Reporting by Doreen Scanlon

dscanlon@abc6.com

October is Breast Cancer Awareness month, and although it’s primarily a battle fought by woman, there’s a very small number of men who are also fighting the disease.

ABC6 News Anchor, Doreen Scanlon, sat down with a local man who will lose his battle with breast cancer, but is using the time he has left to try and make a different by raising awareness about the disease that most men don’t even know they can get.

"They would look at me, and I had a pink robe. They’d be talking, and I would say, ‘I’m here like you. I’m here to protect my tatas. I have breast cancer,’" says Joseph Lugo.

Lugo is one of roughly two thousand men in the United States diagnosed with breast cancer every year, that’s about one percent of diagnoses.

"It sounds like a small number if it’s country wide, but many of those men are diagnosed at a later stage," says Maureen DiPiero of the Gloria Gemma Foundation.

For that reason, the Gloria Gemma Foundation says is can make it more difficult to treat in men.

"If you look at percentages of deaths caused by cancer, the percentage of men is slightly higher than the percentage of women who die of breast cancer," says DiPiero.

Male or female, the course of treatment is the same, whether it be radiation, chemo, or surgery. Joseph has a partial mastectomy.

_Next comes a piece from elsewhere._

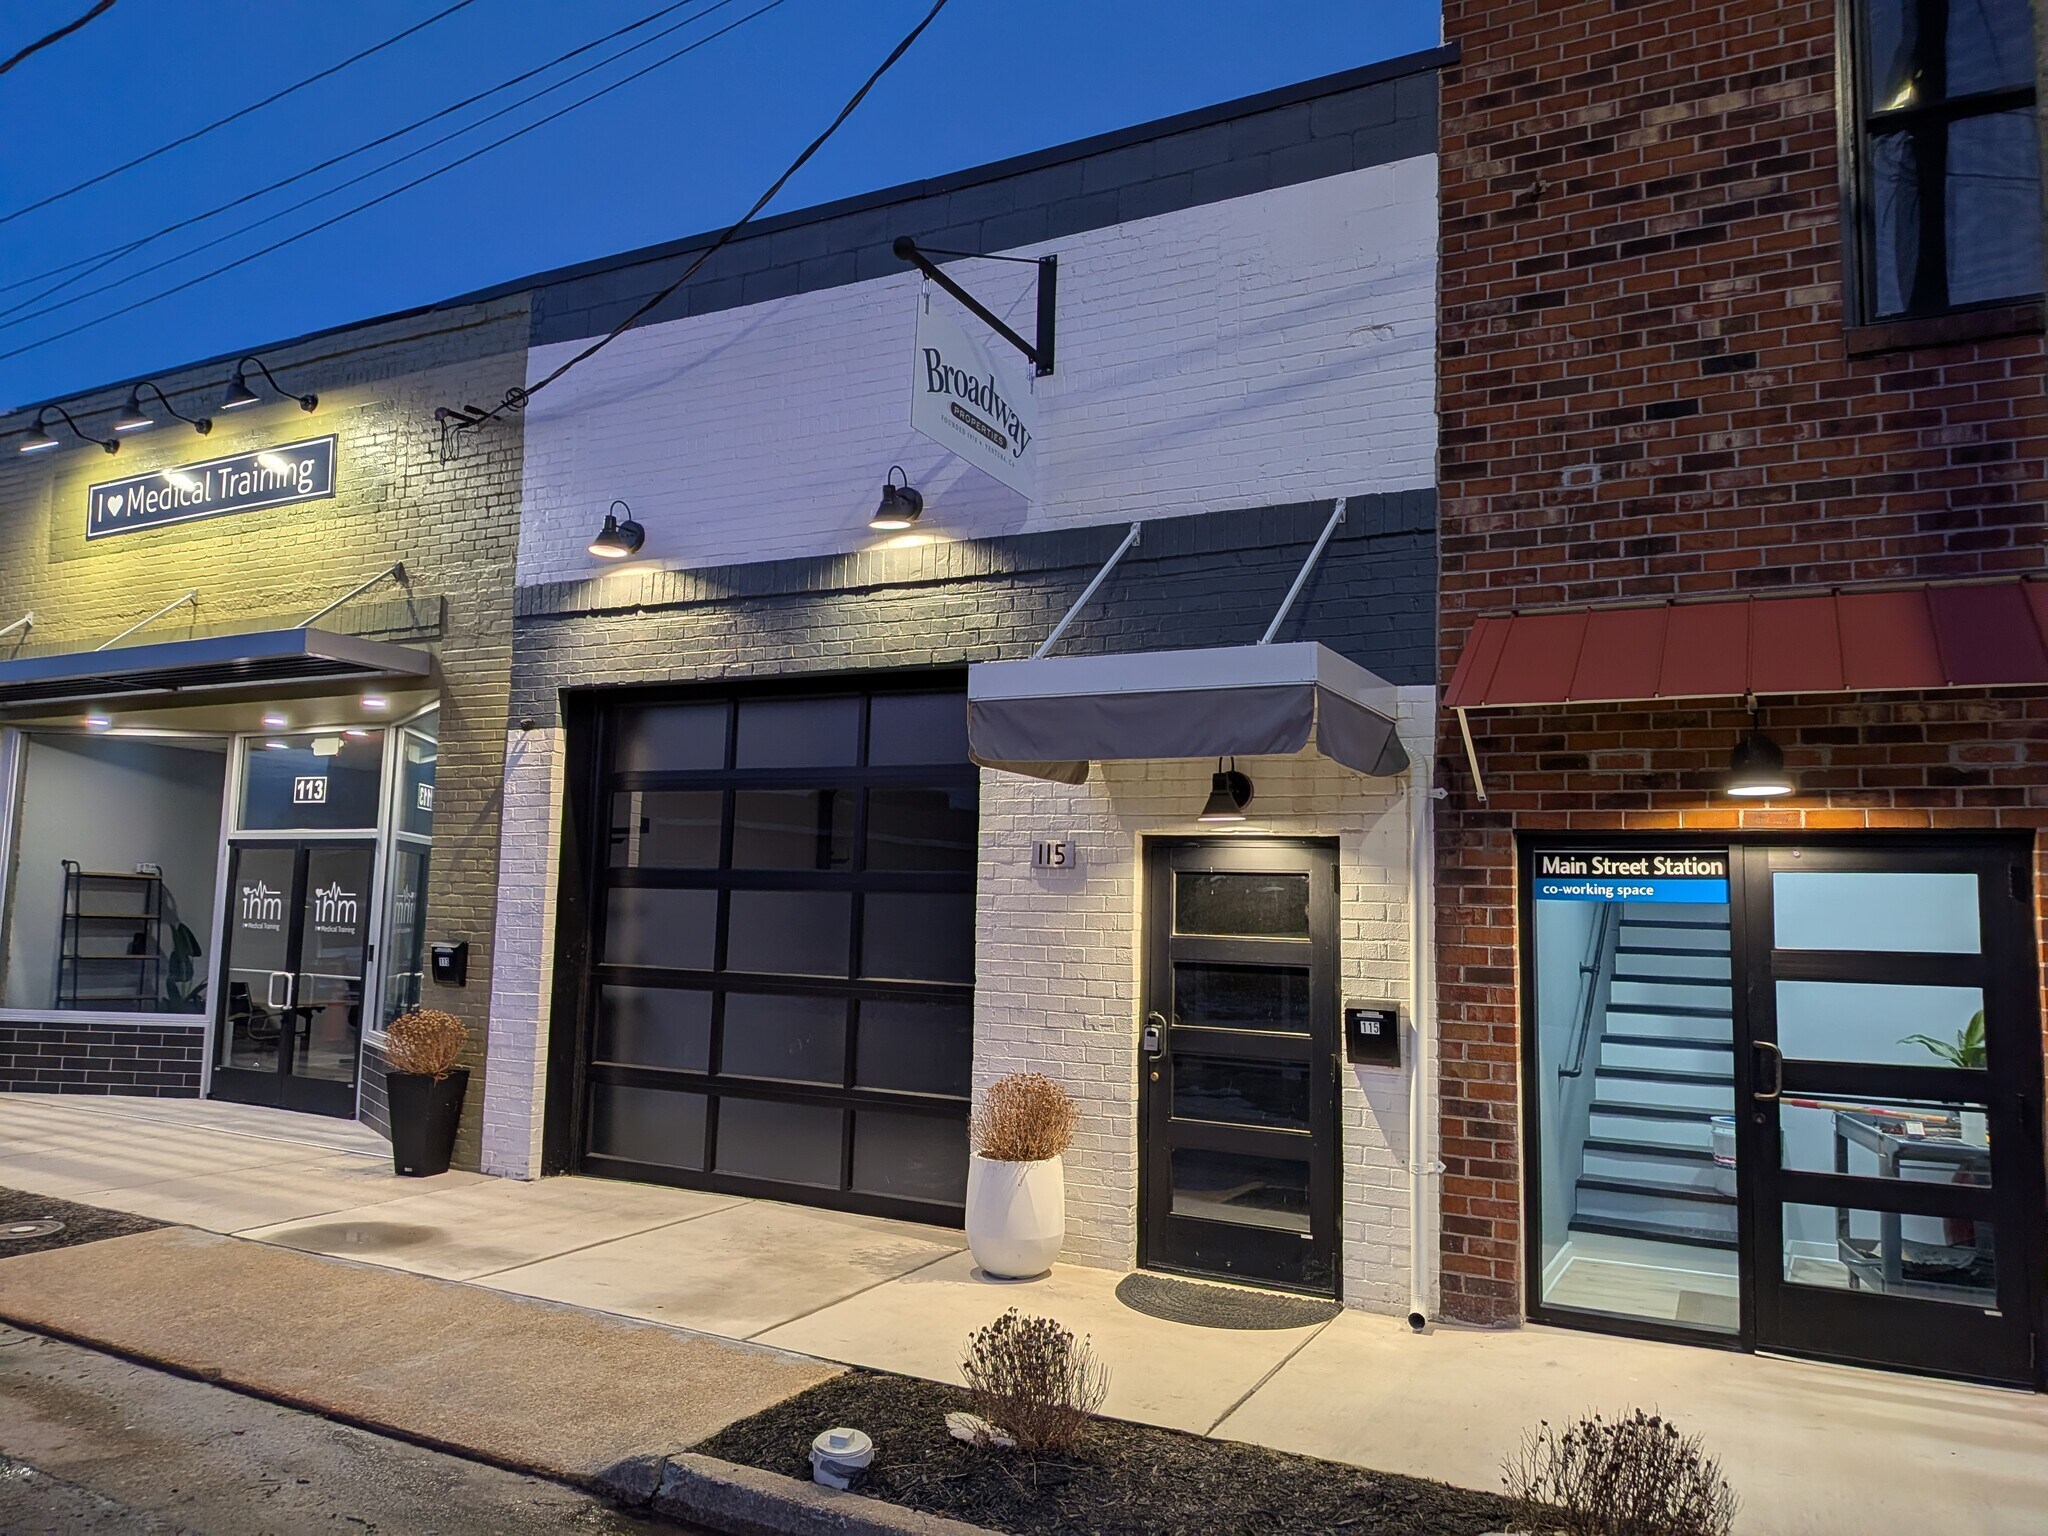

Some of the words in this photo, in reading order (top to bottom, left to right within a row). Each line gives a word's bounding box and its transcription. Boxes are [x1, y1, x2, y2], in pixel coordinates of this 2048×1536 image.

His breast cancer was found early only because of another cancer–he has merkel cell carcinoma, a rare skin cancer.

"They can’t find the primary site of the cancer, so the cancer is always going to be ‘peek-a-boo.’ It keeps spreading. It’s not curable. Every seven days the cancer grows. I know I will die from cancer, I just want to enjoy the time I have left," says Lugo.

He’s making the most of every day. He married his partner, Kevin, this past summer, and has used his diagnosis to raise awareness about breast cancer in men, teaming up with his fraternity brothers from Johnson and Wales to fundraise for Gloria Gemma.

Symptoms to male breast cancer are similar to women: lumps, rash, changes to the breast. The best prevention is screening with self exams and annual clinical appointments.